■ DATA SUPPLIED:
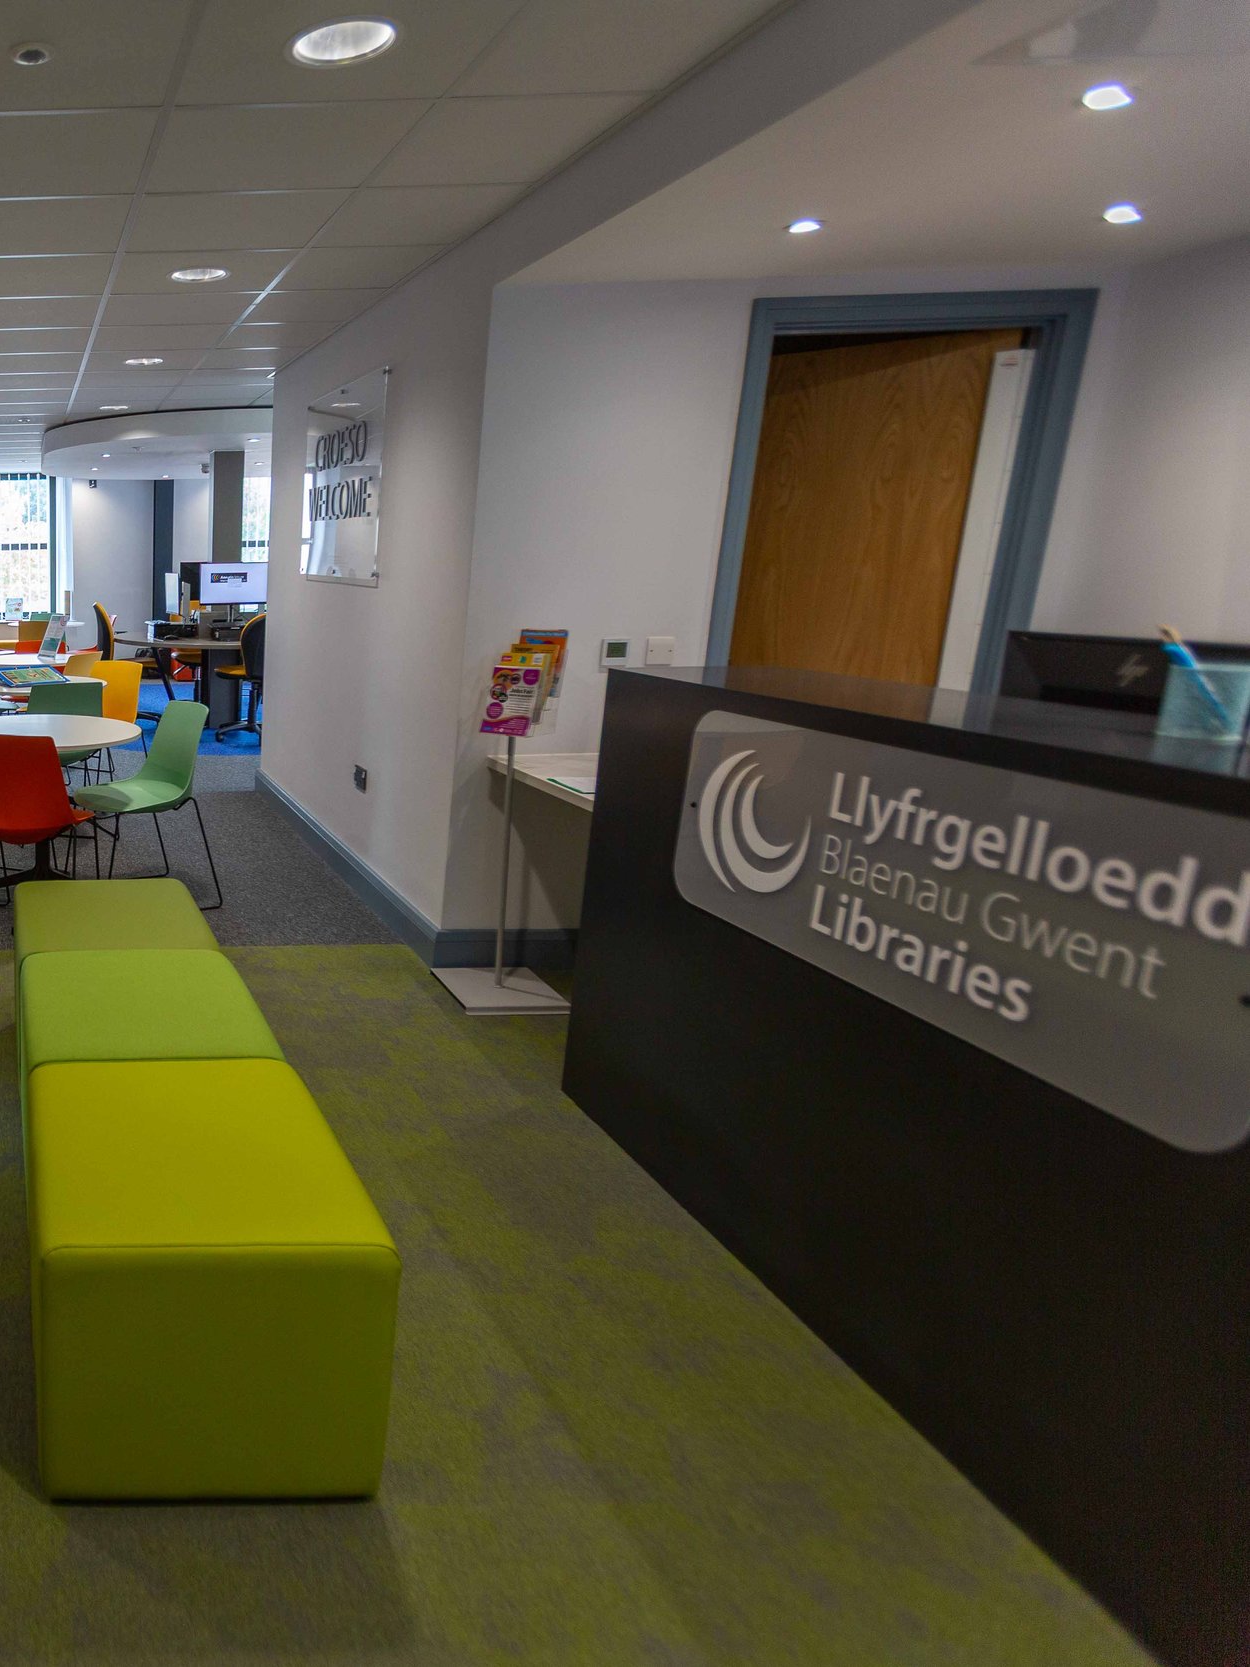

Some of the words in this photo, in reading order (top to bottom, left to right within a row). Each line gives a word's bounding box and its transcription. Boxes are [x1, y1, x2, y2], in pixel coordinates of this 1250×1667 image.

==

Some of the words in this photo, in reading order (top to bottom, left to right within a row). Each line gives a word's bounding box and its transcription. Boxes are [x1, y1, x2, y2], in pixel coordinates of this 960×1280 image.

* * *

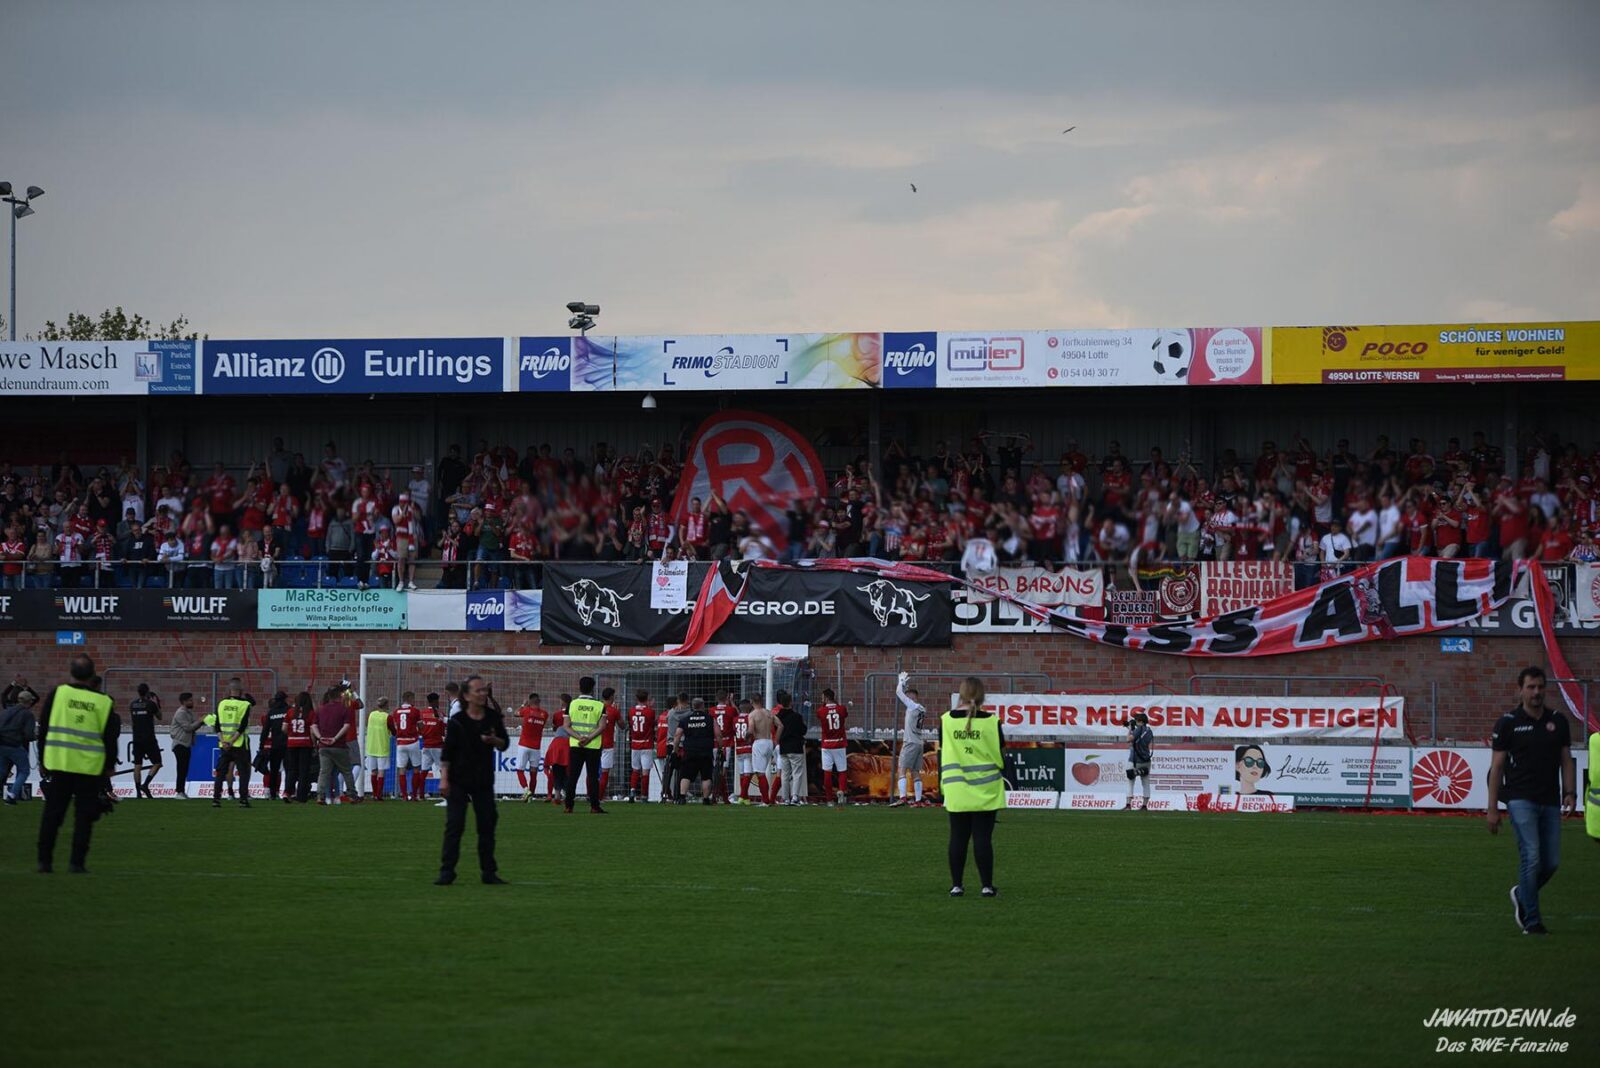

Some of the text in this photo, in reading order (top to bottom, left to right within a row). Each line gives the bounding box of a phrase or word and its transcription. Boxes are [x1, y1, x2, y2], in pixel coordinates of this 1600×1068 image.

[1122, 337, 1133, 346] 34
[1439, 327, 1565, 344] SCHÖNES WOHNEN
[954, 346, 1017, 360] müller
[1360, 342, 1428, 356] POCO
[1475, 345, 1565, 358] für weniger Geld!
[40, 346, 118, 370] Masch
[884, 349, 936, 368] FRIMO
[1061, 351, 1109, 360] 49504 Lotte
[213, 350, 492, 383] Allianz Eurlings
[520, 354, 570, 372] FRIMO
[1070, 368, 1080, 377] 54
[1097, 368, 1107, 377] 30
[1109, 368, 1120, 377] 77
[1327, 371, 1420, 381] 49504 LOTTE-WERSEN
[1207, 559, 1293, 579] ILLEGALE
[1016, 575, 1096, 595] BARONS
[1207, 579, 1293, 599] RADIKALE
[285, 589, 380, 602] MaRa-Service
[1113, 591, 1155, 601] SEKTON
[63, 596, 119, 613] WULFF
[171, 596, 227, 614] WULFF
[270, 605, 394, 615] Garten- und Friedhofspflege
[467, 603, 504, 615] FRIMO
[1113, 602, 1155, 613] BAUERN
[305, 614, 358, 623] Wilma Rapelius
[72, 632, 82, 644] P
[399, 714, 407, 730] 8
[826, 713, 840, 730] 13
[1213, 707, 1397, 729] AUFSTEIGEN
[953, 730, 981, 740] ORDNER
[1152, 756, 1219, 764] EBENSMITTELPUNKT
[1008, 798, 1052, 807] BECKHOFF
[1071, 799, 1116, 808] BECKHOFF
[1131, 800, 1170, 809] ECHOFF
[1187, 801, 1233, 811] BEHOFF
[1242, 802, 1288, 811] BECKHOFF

■ INSTRUCTIONS TO FOLLOW:
Could you filter the entries above for lines holding the string "words" and copy them?

■ ANSWER SECTION:
Some of the words in this photo, in reading order (top to bottom, left to right within a row). Each line gives a word's bounding box and its transcription. Boxes are [x1, y1, x2, y2], in pixel coordinates of this 1250×1667 image.
Some of the words in this photo, in reading order (top to bottom, left to right within a row). Each line gives a word's bounding box and its transcription. Boxes are [x1, y1, x2, y2], in pixel coordinates of this 960×1280 image.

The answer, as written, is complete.